Give back the lines below exactly, but do not include any pictures.
[Opening Provided entries section]
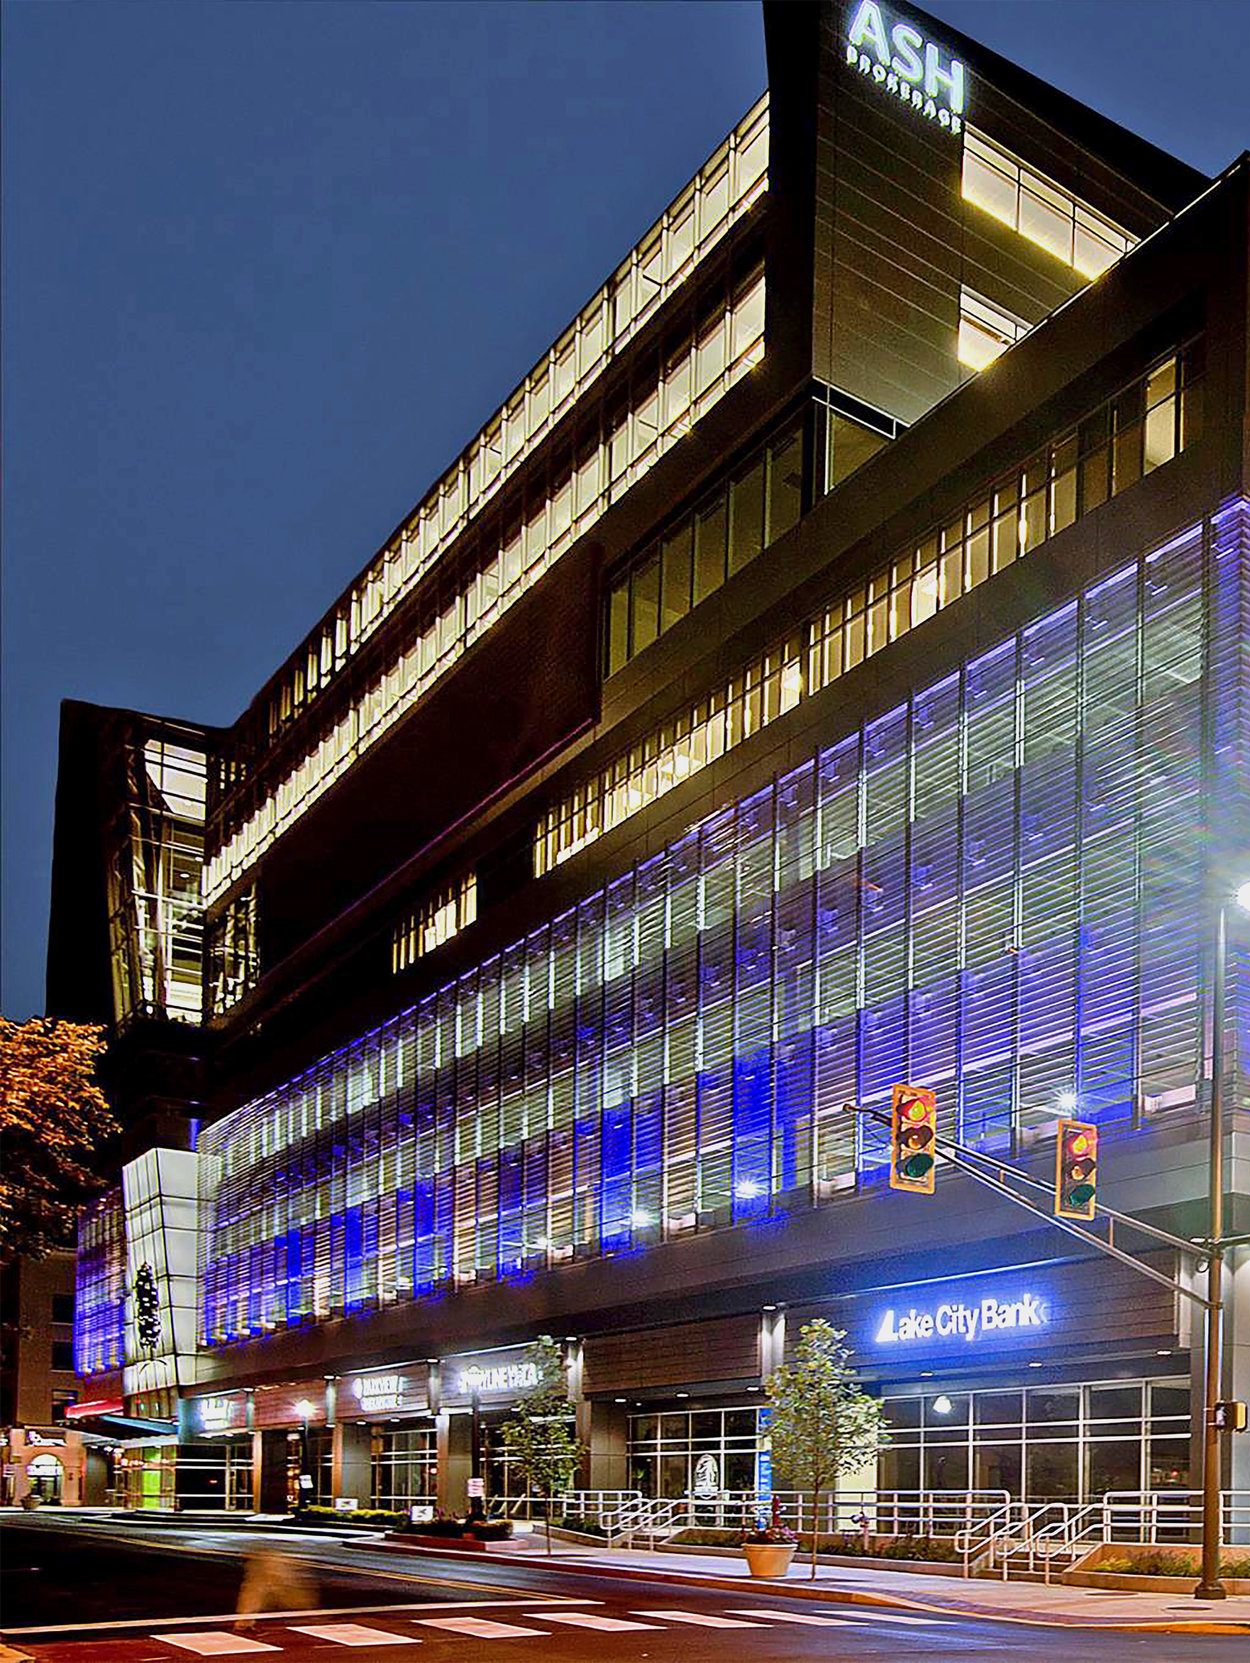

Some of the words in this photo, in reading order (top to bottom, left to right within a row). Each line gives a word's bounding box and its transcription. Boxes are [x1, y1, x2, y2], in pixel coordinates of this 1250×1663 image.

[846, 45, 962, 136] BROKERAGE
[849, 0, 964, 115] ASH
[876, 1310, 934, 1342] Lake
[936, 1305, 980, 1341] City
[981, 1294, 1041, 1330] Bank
[Closing Provided entries section]
■ Worked solution
Some of the words in this photo, in reading order (top to bottom, left to right within a row). Each line gives a word's bounding box and its transcription. Boxes are [x1, y1, x2, y2], in pixel coordinates of this 1250×1663 image.

[846, 45, 962, 136] BROKERAGE
[849, 0, 964, 115] ASH
[876, 1310, 934, 1342] Lake
[936, 1305, 980, 1341] City
[981, 1294, 1041, 1330] Bank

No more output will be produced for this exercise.